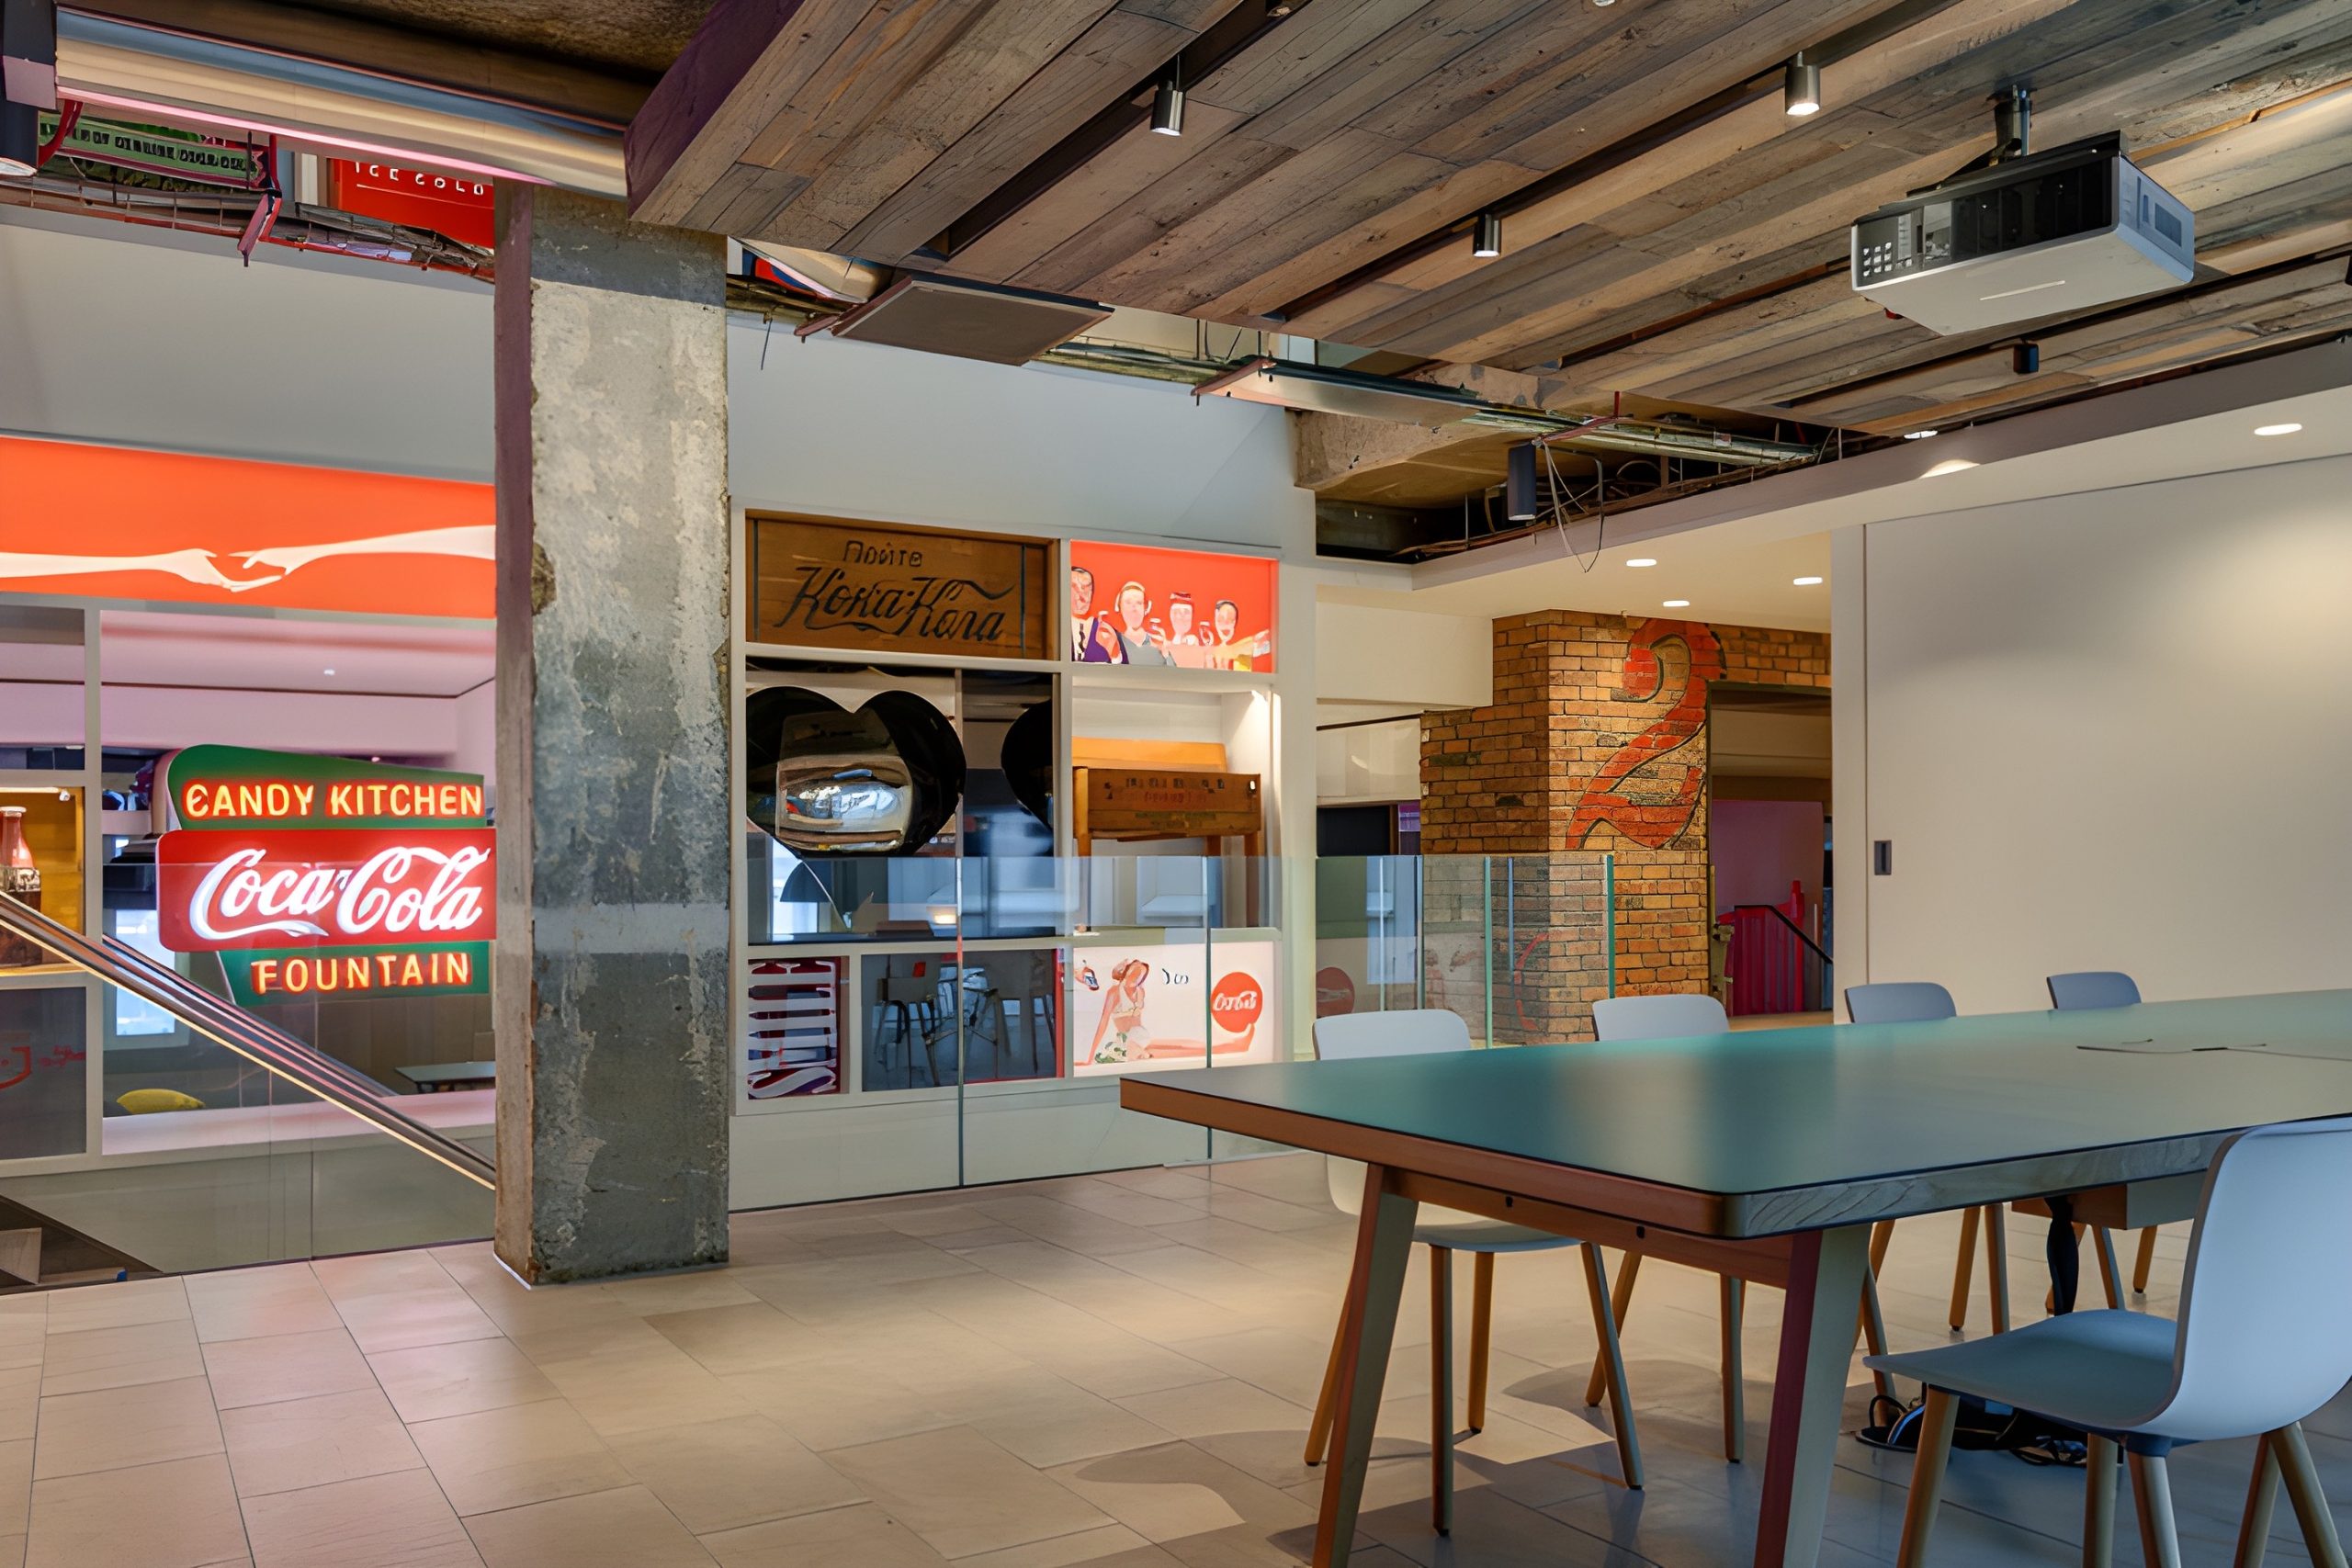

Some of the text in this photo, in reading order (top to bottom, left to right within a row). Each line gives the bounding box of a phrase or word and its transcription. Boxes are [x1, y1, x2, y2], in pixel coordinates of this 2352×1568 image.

[355, 162, 484, 196] ICE COLD
[186, 783, 483, 817] CANDY KITCHEN
[189, 846, 491, 941] Coca-Cola
[250, 953, 469, 995] FOUNTAIN
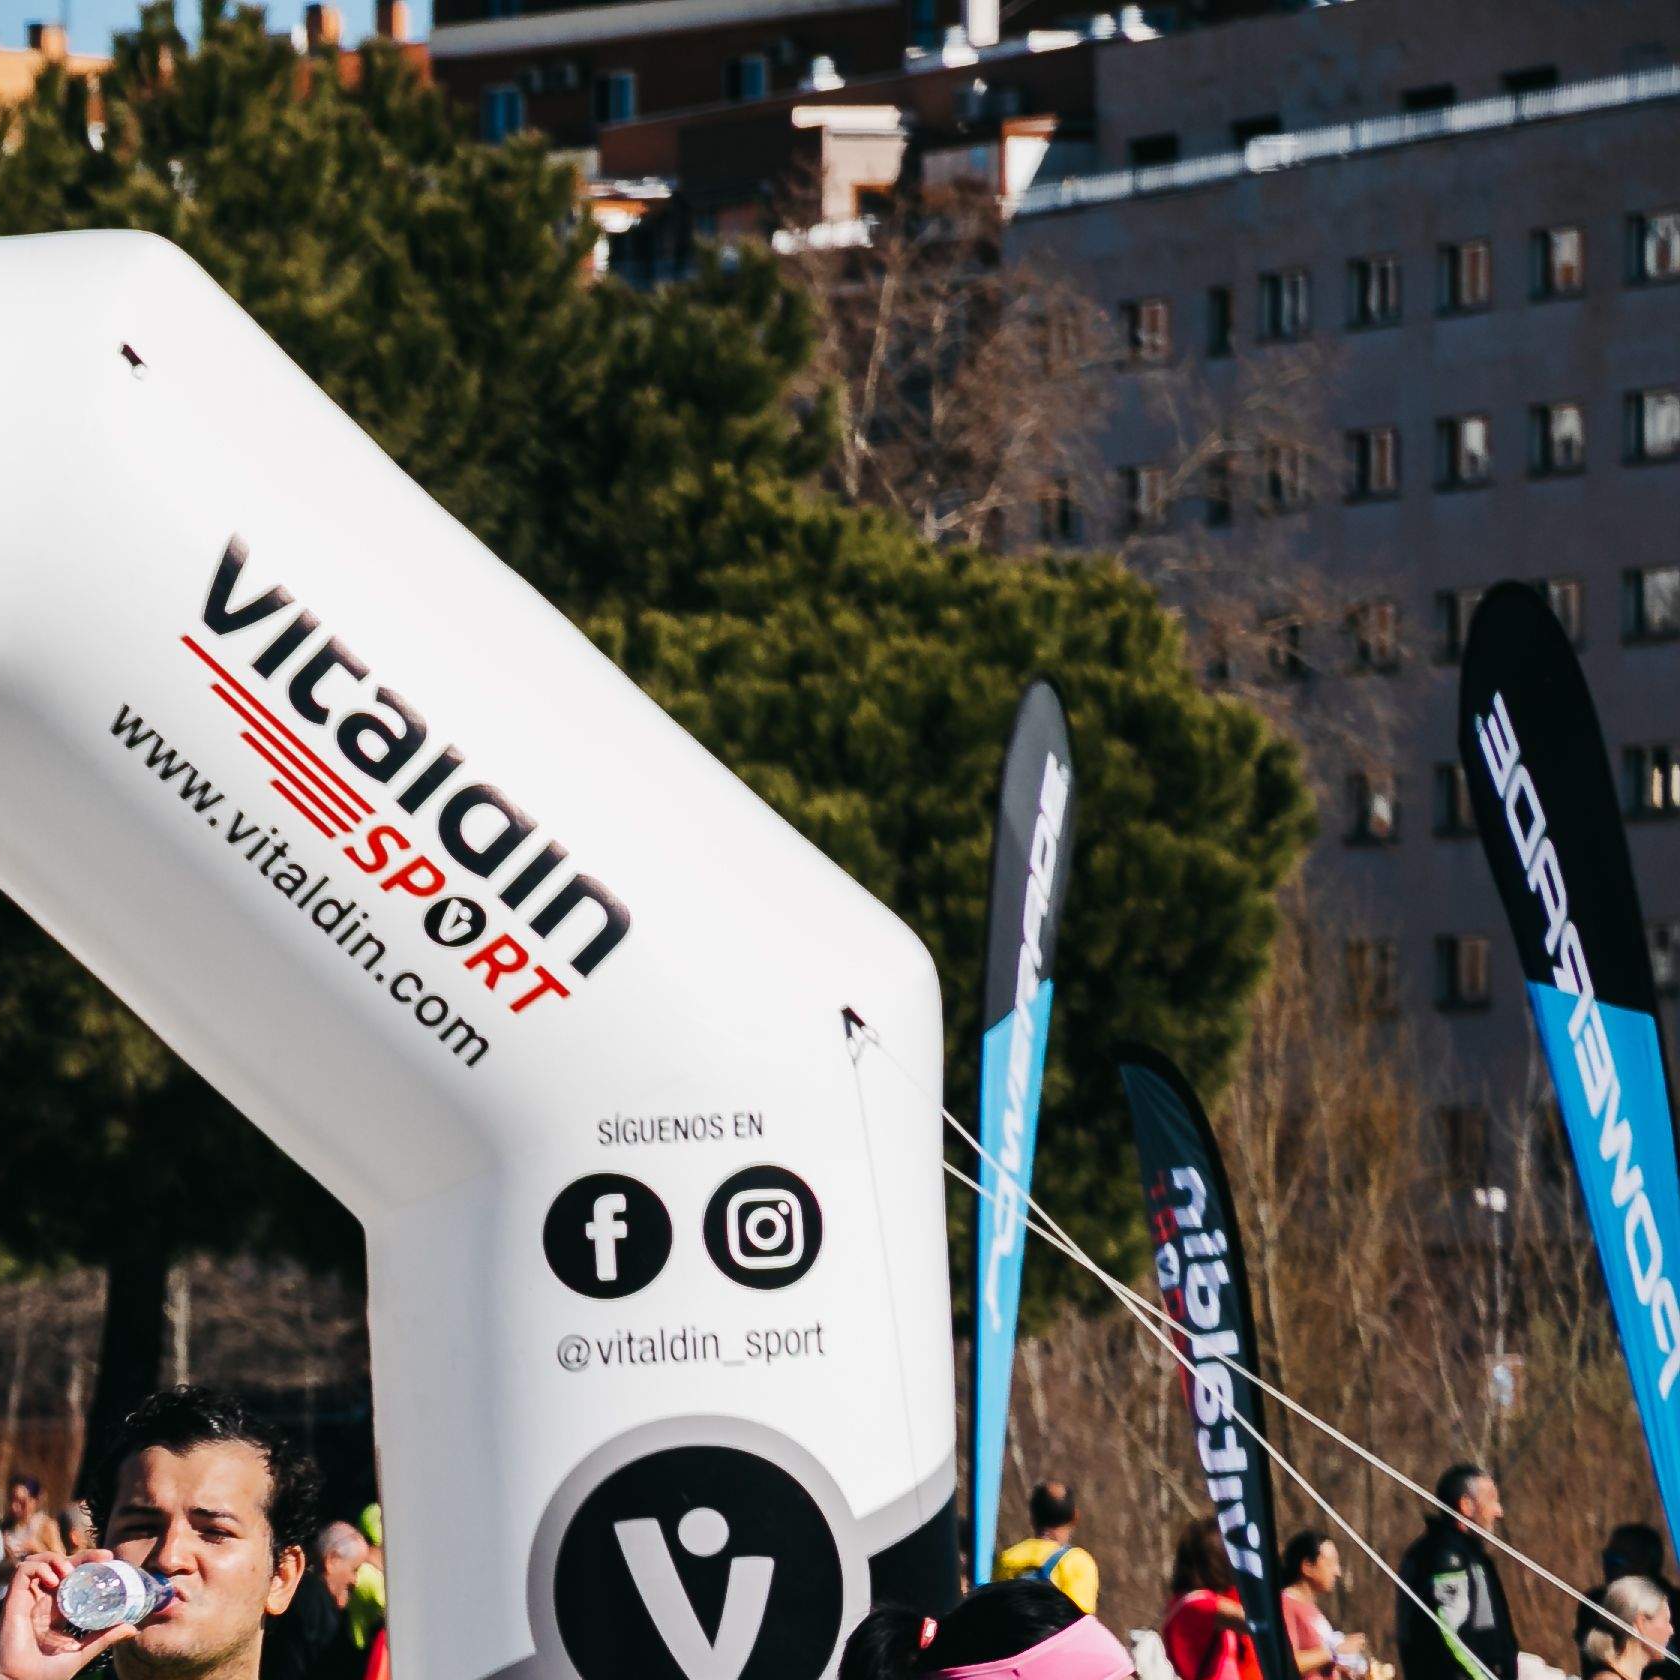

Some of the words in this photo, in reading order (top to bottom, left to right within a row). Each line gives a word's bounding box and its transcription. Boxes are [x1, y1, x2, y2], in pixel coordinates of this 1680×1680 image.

[110, 703, 490, 1070] www.vitaldin.com
[343, 823, 571, 1016] SPORT
[597, 1112, 724, 1147] SÍGUENOS
[733, 1111, 764, 1139] EN
[556, 1320, 826, 1373] @vitaldin_sport

==================================================

**To do**
Retype the full listing exactly; pictures stay out.

**Solution to this task**
Some of the text in this photo, in reading order (top to bottom, left to right within a row). Each line gives the bounding box of a phrase or word and its transcription. Boxes are [x1, y1, x2, y2], in pixel coordinates of this 2352×1568 image.

[355, 162, 484, 196] ICE COLD
[186, 783, 483, 817] CANDY KITCHEN
[189, 846, 491, 941] Coca-Cola
[250, 953, 469, 995] FOUNTAIN

Some of the words in this photo, in reading order (top to bottom, left to right within a row). Each line gives a word's bounding box and its transcription. Boxes are [x1, y1, x2, y2], in pixel coordinates of this 1680×1680 image.

[110, 703, 490, 1070] www.vitaldin.com
[343, 823, 571, 1016] SPORT
[597, 1112, 724, 1147] SÍGUENOS
[733, 1111, 764, 1139] EN
[556, 1320, 826, 1373] @vitaldin_sport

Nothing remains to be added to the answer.